The spirit of Cuba, as we’ve come to learn, is likewise touched by the consciousness of freedom. We mustn’t be surprised by the places to which this consciousness decides to travel, and the valiant people in whom, with its vigorous flame, it opts to settle. The convex Caribbean state, arching its sugary spine so near to Florida’s tropical tip, is undergoing a drastic change. For the first time in ages, it’s witnessing open protests in the streets. These are demonstrations the likes of which the small, very tightly-regulated island has very few examples.
The reason for these protests is clear: conditions on the island have gone from bad to worse. Now, unrest—the brazen child of impatience—is maturing and taking foot right before our eyes. As it grows larger, finds its step, and recognizes its untapped strength, it will lash out at its oppressors in predictably violent ways.

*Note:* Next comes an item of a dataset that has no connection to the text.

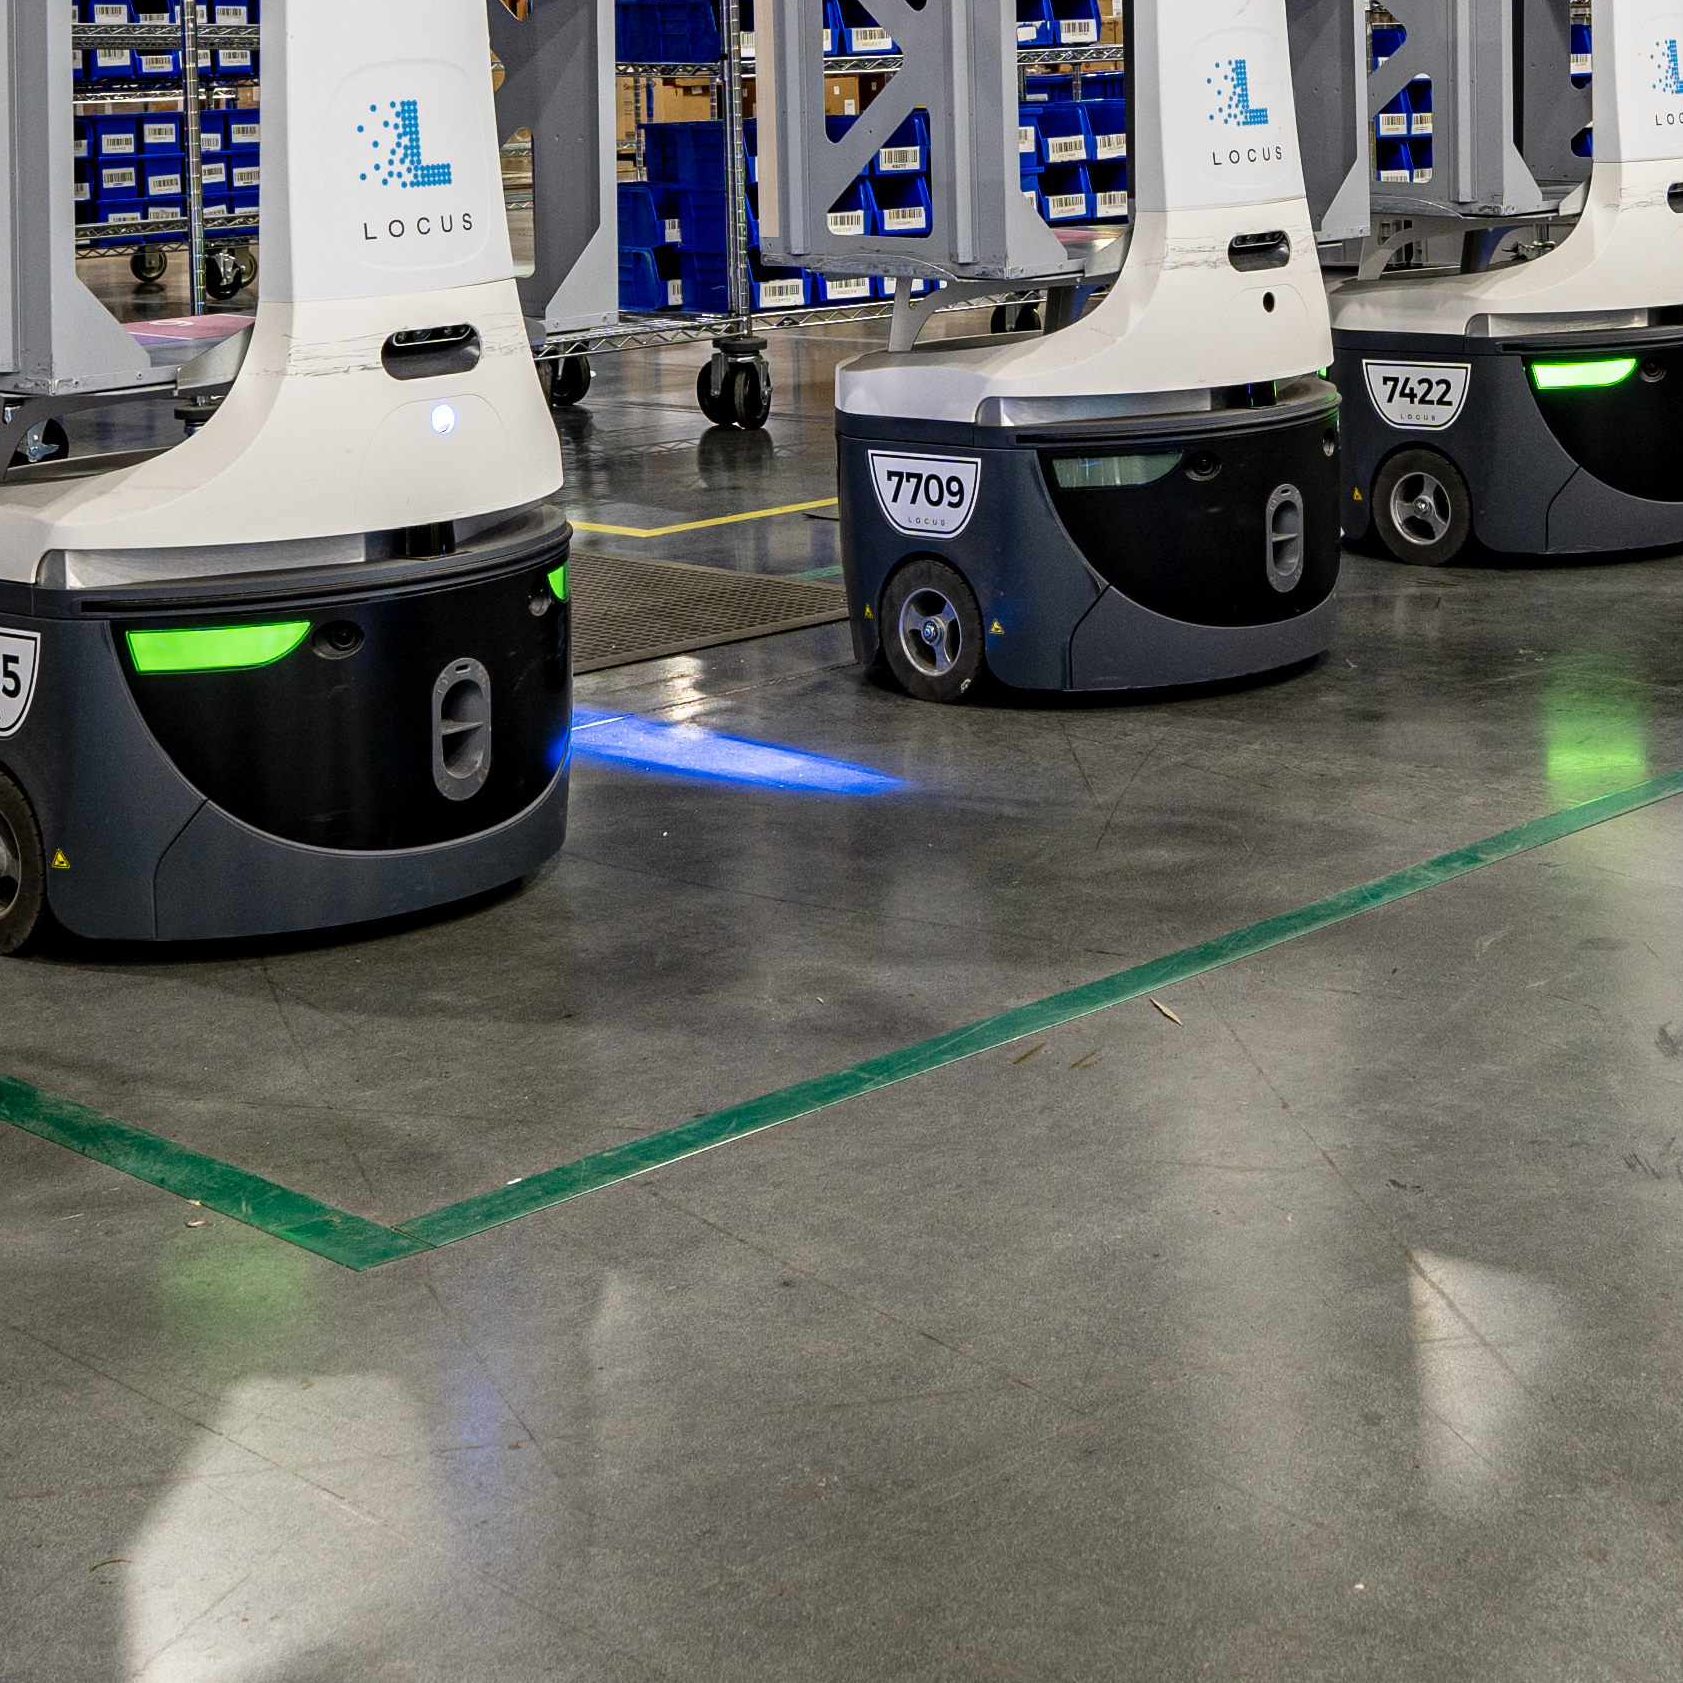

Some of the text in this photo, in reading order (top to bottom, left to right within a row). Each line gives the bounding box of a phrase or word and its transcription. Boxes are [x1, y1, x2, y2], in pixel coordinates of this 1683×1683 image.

It does so for many reasons. Food on the island is scarce. This is not a problem of recent origin. It’s not the unhappy consequence of a single bad harvest to which simple expedients can be quickly applied. It’s a chronic issue, rather, to which the famished people of that island have, with no small amount of pain, all but adapted. There, in Cuba, despite its agricultural bounty, and the innumerable spices to which its fertile soil gives birth, hunger is the herb by which every paltry dish is seasoned. In this most fecund of all nations, a land over whose prolific soil countless conquerors fought, hardly a single person’s appetite is regularly sated.
Medicine is just as unforthcoming. For a nation constantly lauded by supporters for its generous availability of healthcare and its selfless distribution of aid, its citizens are ailing. Its response to the pandemic has not been particularly good, but these issues preexist the arrival of the Wuhan virus. The supposed “wellbeing” of its citizens offers no real proof of their waning health. Aside from the inadequate provision of food and medicine, the education system in Cuba is failing. One strains to identify the island’s most recent scholar. As for the economy, to call it inert would be to oversell what is a terrible joke. The prospects of the youth are grim, and the hopes of the elderly are fading.
And all of this wretchedness is supervised by a dictator unanswerable to the people’s suffrage. Miguel Diaz-Canel, two years ago declared president, and this year, leader of the Communist party, is deaf to the cry of the Cuban people’s voice. Perhaps, with any luck, he’ll be less immune to their collective and fully-justified wrath.
But what of America? Are her ears not also closed to the shouts of the Cubans? Is her gaze not diverted from the images of Hong Kong? Has her spirit lost its consciousness of freedom? Can her spiritual intercourse with these desperate nations persist?